Figure 6.

p160ROCK is both necessary and sufficient for RhoA-mediated tail retraction. (A) Monocytes were plated onto coverslips in the presence of 10% autologous serum with or without the p160ROCK inhibitor, Y-27632 (10 μM). The graph represents data obtained from monocytes plated onto coverslips with serum containing media and a 1.0–10 μM range of Y-27632 for 45 min. Cells were then fixed, stained for F-actin, and the percentage of cells with tails was scored. The data plotted represent the average from three separate experiments. After 45 min incubation, cells were fixed and stained for F-actin to reveal cell morphology. (B) Monocytes were electroporated with C3 + CA ROCK and compared with those electroporated with C3 + GST. Cells were plated on coverslips with serum-containing media for 45 min before fixation.
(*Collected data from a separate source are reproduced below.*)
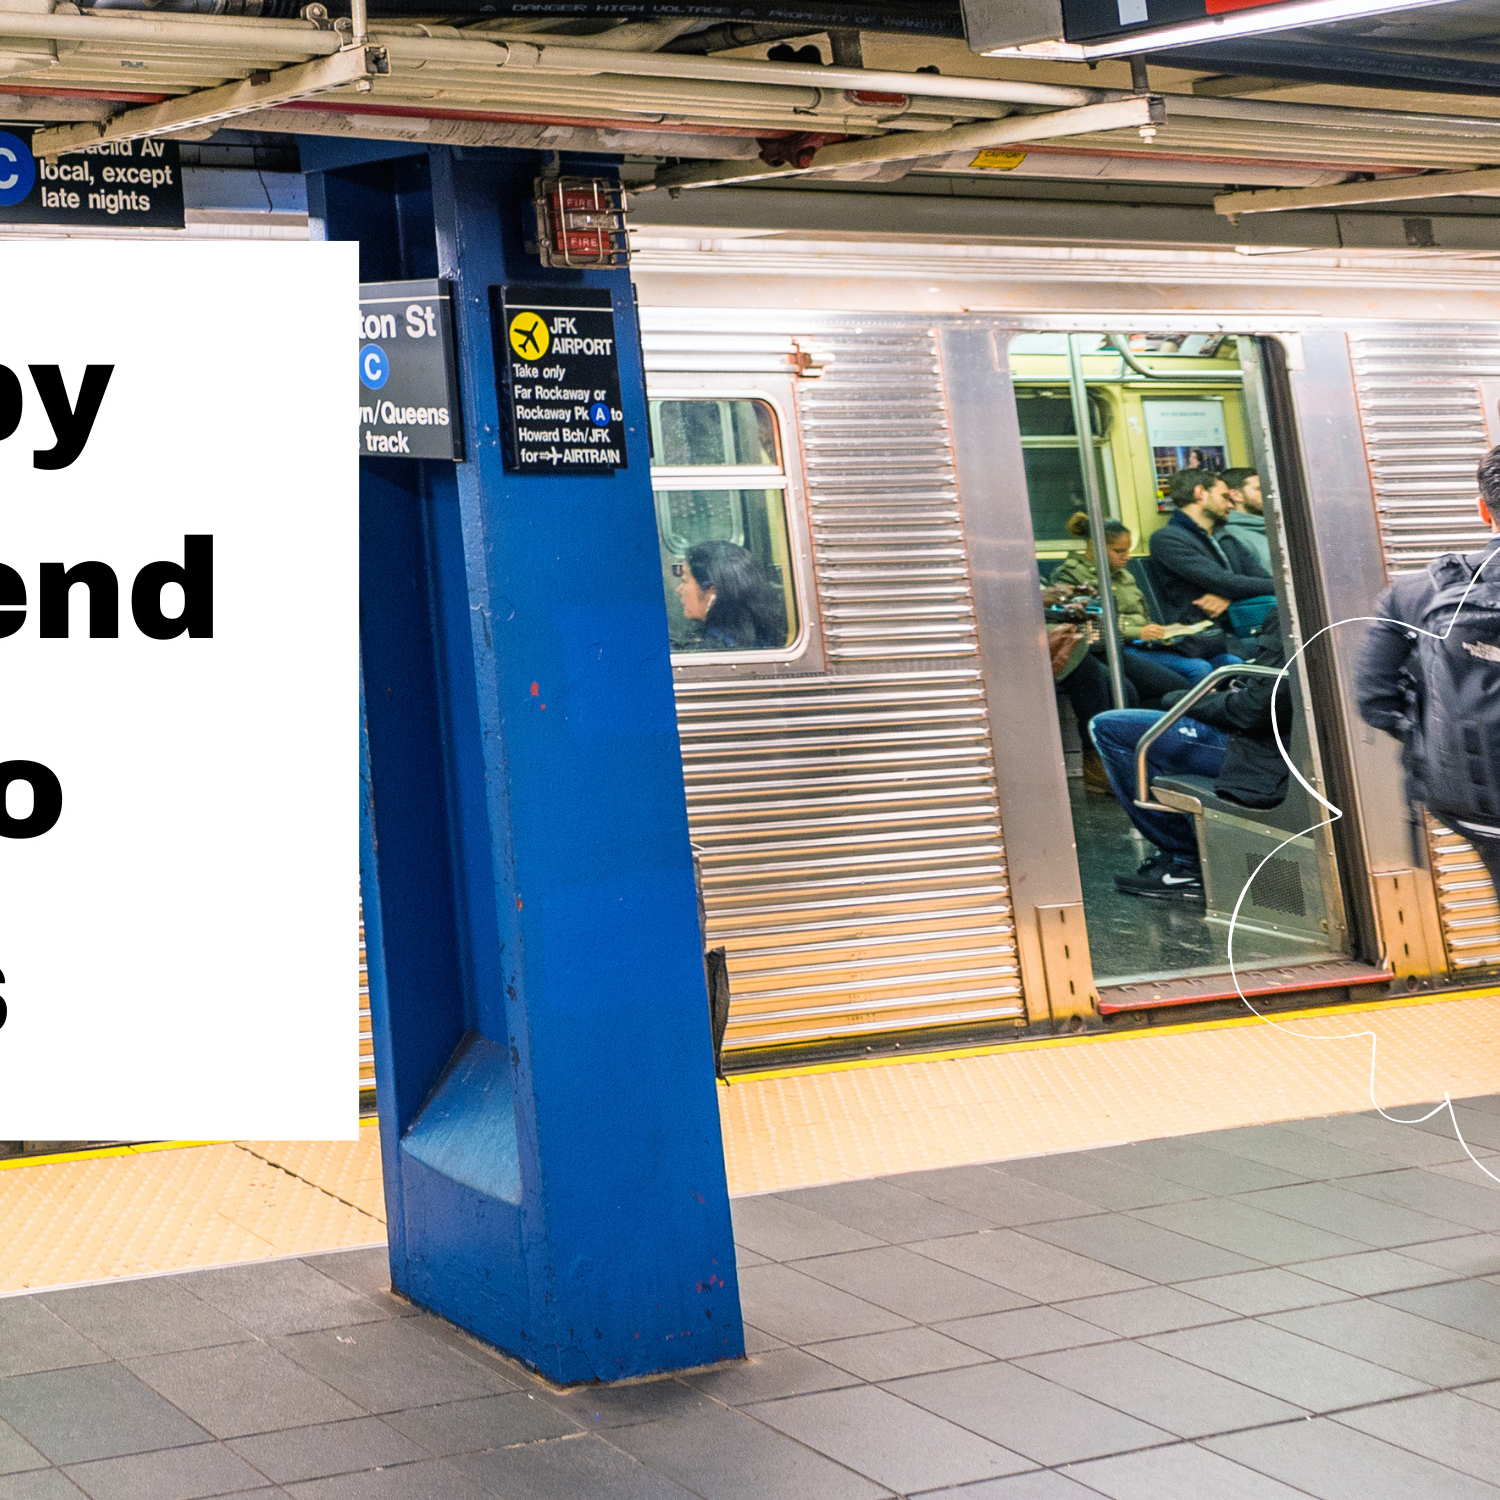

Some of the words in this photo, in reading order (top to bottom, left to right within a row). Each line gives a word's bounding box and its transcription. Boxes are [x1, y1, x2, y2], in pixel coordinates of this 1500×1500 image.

[140, 138, 165, 157] Av
[39, 159, 95, 186] local,
[102, 165, 174, 188] except
[41, 186, 81, 209] late
[88, 188, 151, 215] nights
[566, 198, 594, 207] FIRE
[570, 237, 598, 247] FIRE
[405, 304, 437, 339] St
[550, 316, 578, 335] JFK
[551, 337, 613, 356] AIRPORT
[364, 352, 382, 381] C
[512, 363, 539, 379] Take
[543, 364, 566, 381] only
[514, 384, 533, 400] Far
[535, 385, 590, 403] Rockaway
[593, 389, 607, 401] or
[516, 405, 571, 423] Rockaway
[574, 405, 589, 421] Pk
[595, 407, 606, 421] A
[610, 408, 623, 422] to
[365, 430, 411, 454] track
[518, 427, 560, 443] Howard
[562, 428, 611, 444] Bch/JFK
[520, 448, 539, 463] for
[562, 448, 621, 464] AIRTRAIN
Cells were stained for F-actin for morphological assessment. (C) Fluorescently labeled monocytes were pretreated with 10 μM Y-27632 for 15 min and then washed and added to activated endothelial monolayers in the presence of 1 μM Y-27632 for 20 min before fixation. Images reveal the morphology of only the monocytes in the coculture. Cells on the left of each pair of images were on top of the endothelial monolayer, as judged by the focal plane. Cells on the right were underneath the monolayer (controls), or caught between neighboring endothelial cells (Y-27632). Bars, 20 μm.